3) Orbite Confocali degli Asteroidi e dei Missili Deflettori
In questo corso di Dottorato si insegna anzitutto la teoria matematica del moto Kepleriano, sia per orbite iperboliche (le orbite degli asteroidi in arrivo) che per orbite ellittiche (le orbite dei missili deflettori). Si scopre cosi` che esistono delle equazioni fondamentali che collegano la grandezza (cioe` la massa) dell'asteroide da deflettere, la velocita` con cui l'asteroide si precipita verso la Terra, la velocita` con cui il missile deflettore urta l'asteroide a 90 gradi dalla sua traiettoria (per ottenere automaticamente la deflessione massima), e la quantita` di esplosivo, o carica nucleare, da mettere a bordo del missile.
4) Basi Spaziali future per Missili anti-asteroidi nei punti Lagrangiani L1 ed L3 del sistema Terra-Luna.
Ma soprattutto si scopre che, fin quando si lanciano missili dalla Terra, non si riesce a lanciarli a 90 gradi e, non si riesce a lanciarli neppure in tempo per salvare la Terra. Bisogna invece creare due basi spaziali per missili anti-asteroidi nei due punti Lagrangiani L1 ed L3 del sistema Terra-Luna.
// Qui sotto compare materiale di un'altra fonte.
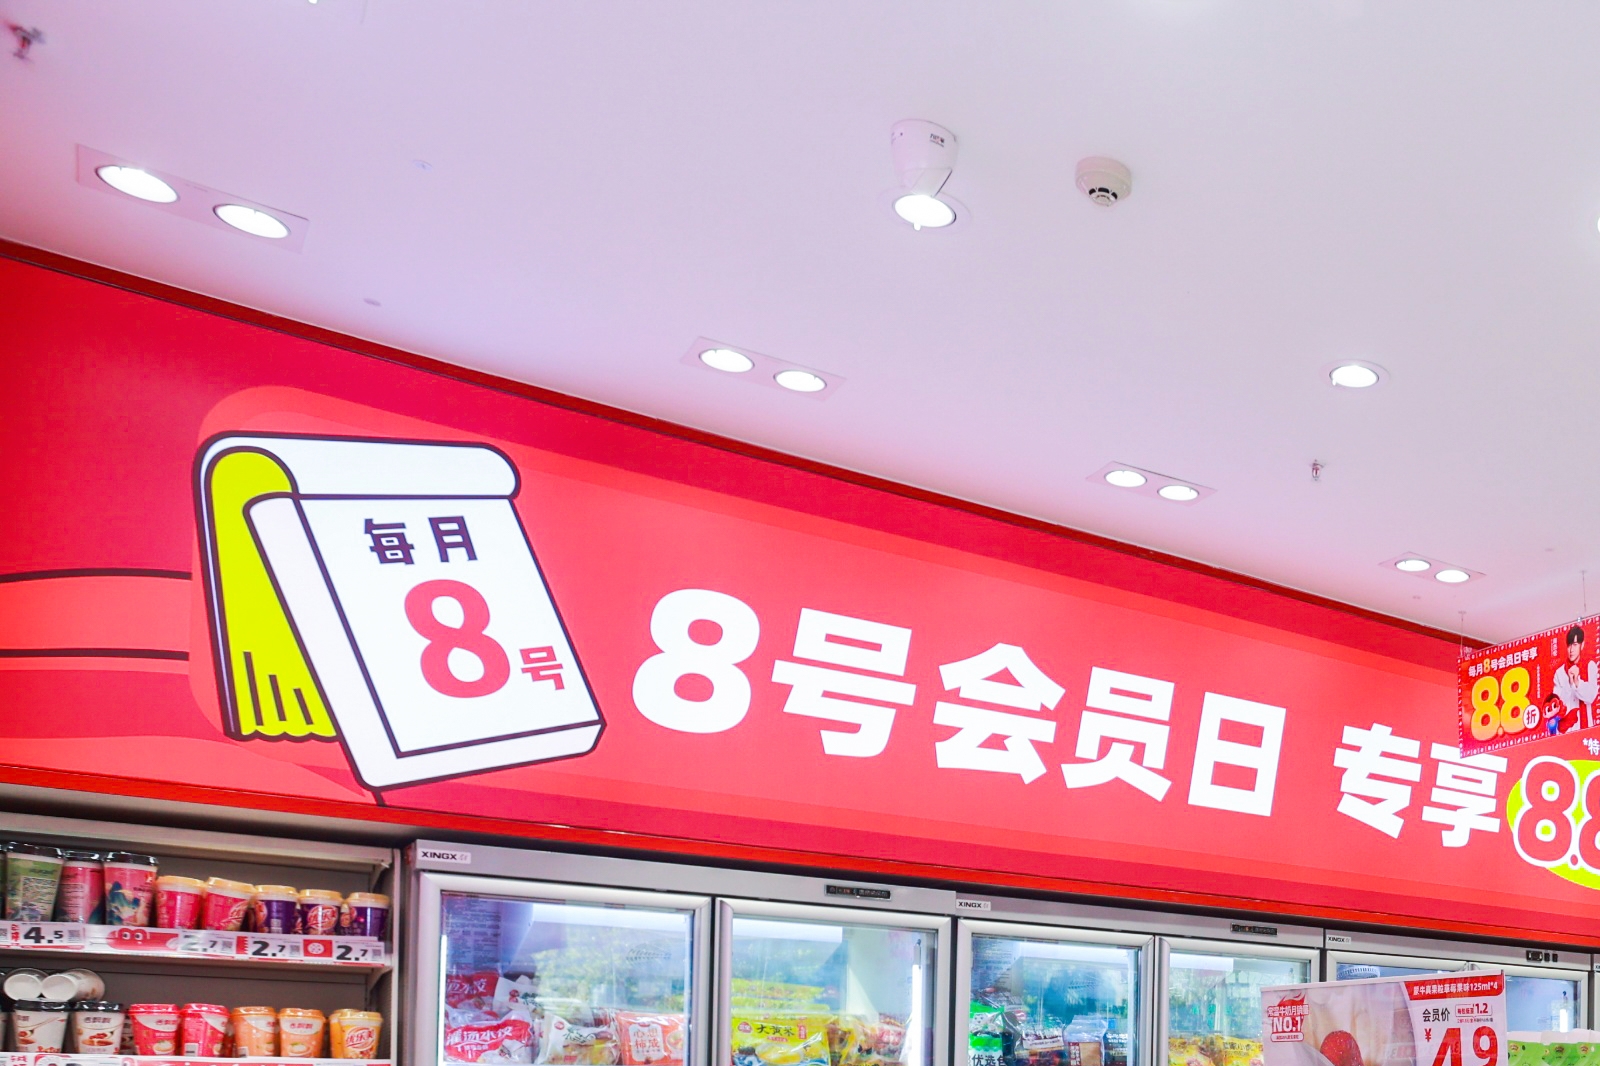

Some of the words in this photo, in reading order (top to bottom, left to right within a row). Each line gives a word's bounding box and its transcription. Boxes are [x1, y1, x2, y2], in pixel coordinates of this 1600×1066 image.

[364, 515, 478, 565] 每月
[403, 578, 565, 699] 8号
[1468, 646, 1539, 678] 每月8号会员日专享
[631, 587, 1288, 817] 8号会员日
[1471, 666, 1541, 742] 8.8折
[24, 926, 64, 944] 4.5
[252, 940, 286, 957] 2.7
[336, 944, 370, 961] 2.7
[1271, 1016, 1303, 1033] NO.1
[1422, 1008, 1450, 1023] 会员价
[757, 1024, 794, 1037] 大黄米
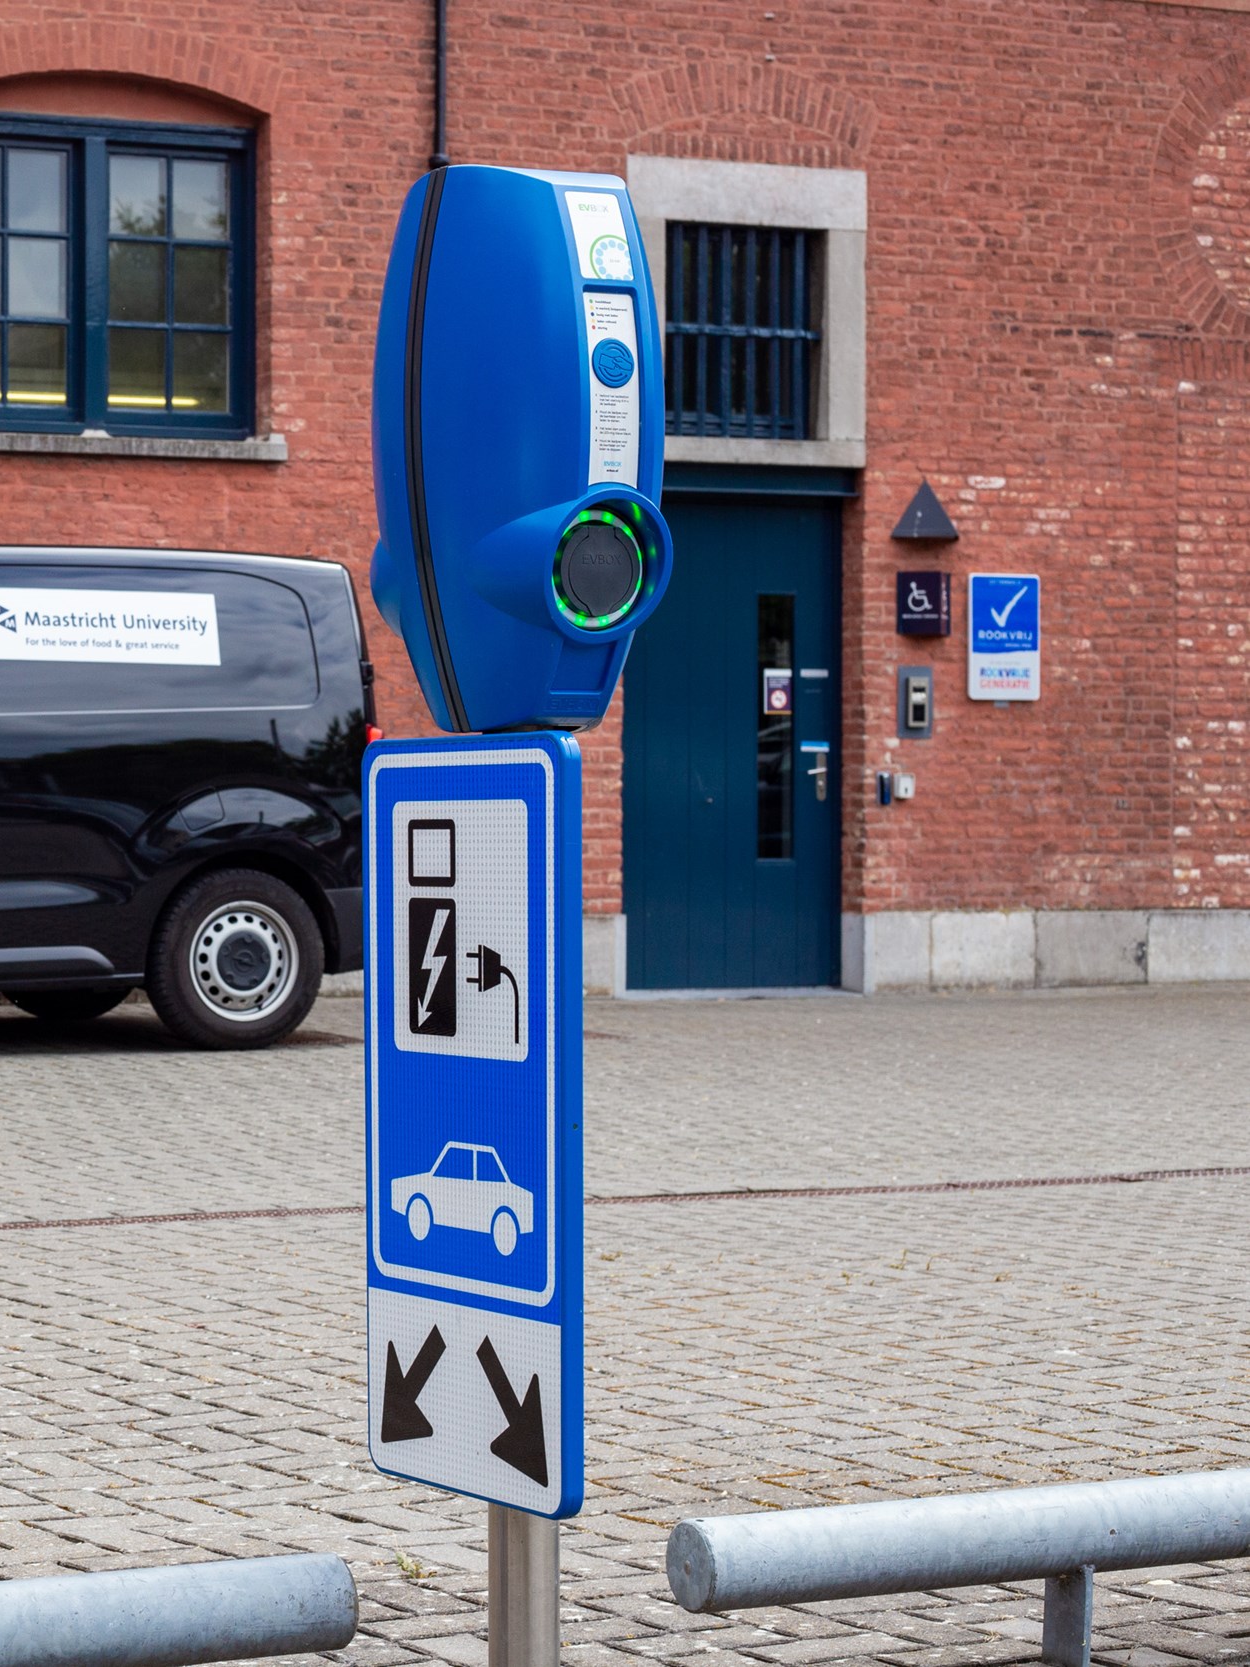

La NASA sta` gia` considerando quella nel punto L1 per altri motivi piu` futili (turismo spaziale) o piu` seri (risparmio di carburante per l'esplorazione futura del sistema solare), ma non per la Difesa Planetaria. La 'morale' di questo corso di Dottorato e` quindi che ci va una visione 'a lungo termine' e 'a tutto campo' della Difesa Planetaria.

Programma
Programma del corso:

Le 20 ore del Corso sono suddivise in TRE MODULI, rispettivamente della durata di SETTE, SETTE E SEI ORE:

MODULO 1) (durata di SETTE ore): teoria matematica del moto Kepleriano, sia per le orbite ellittiche che per le orbite iperboliche (questo modulo Ŕ di interesse per TUTTI i Dottorandi in quanto propedeutico a ciascuno dei due moduli successivi);

MODULO 2) (durata di SETTE ore): Difesa Planetaria, cioe` tutti i metodi matematici (vari) per deflettere gli asteroidi pericolosi (questo modulo Ŕ di interesse soprattutto per i Dottorandi dei Dipartimenti di Fisica, di Ingegneria Aerospaziale, e di Automatica ed Informatica).

MODULO 3) (durata di SEI ore): Politica e Sociologia coinvolte negli aspetti Difesa Planetaria: i ruoli delle Agenzie Spaziali (NASA, ESA, ecc.), dei militari (USAF), delle Nazioni Unite, ecc. (questo modulo e` di interesse per i TUTTI i Dottorandi).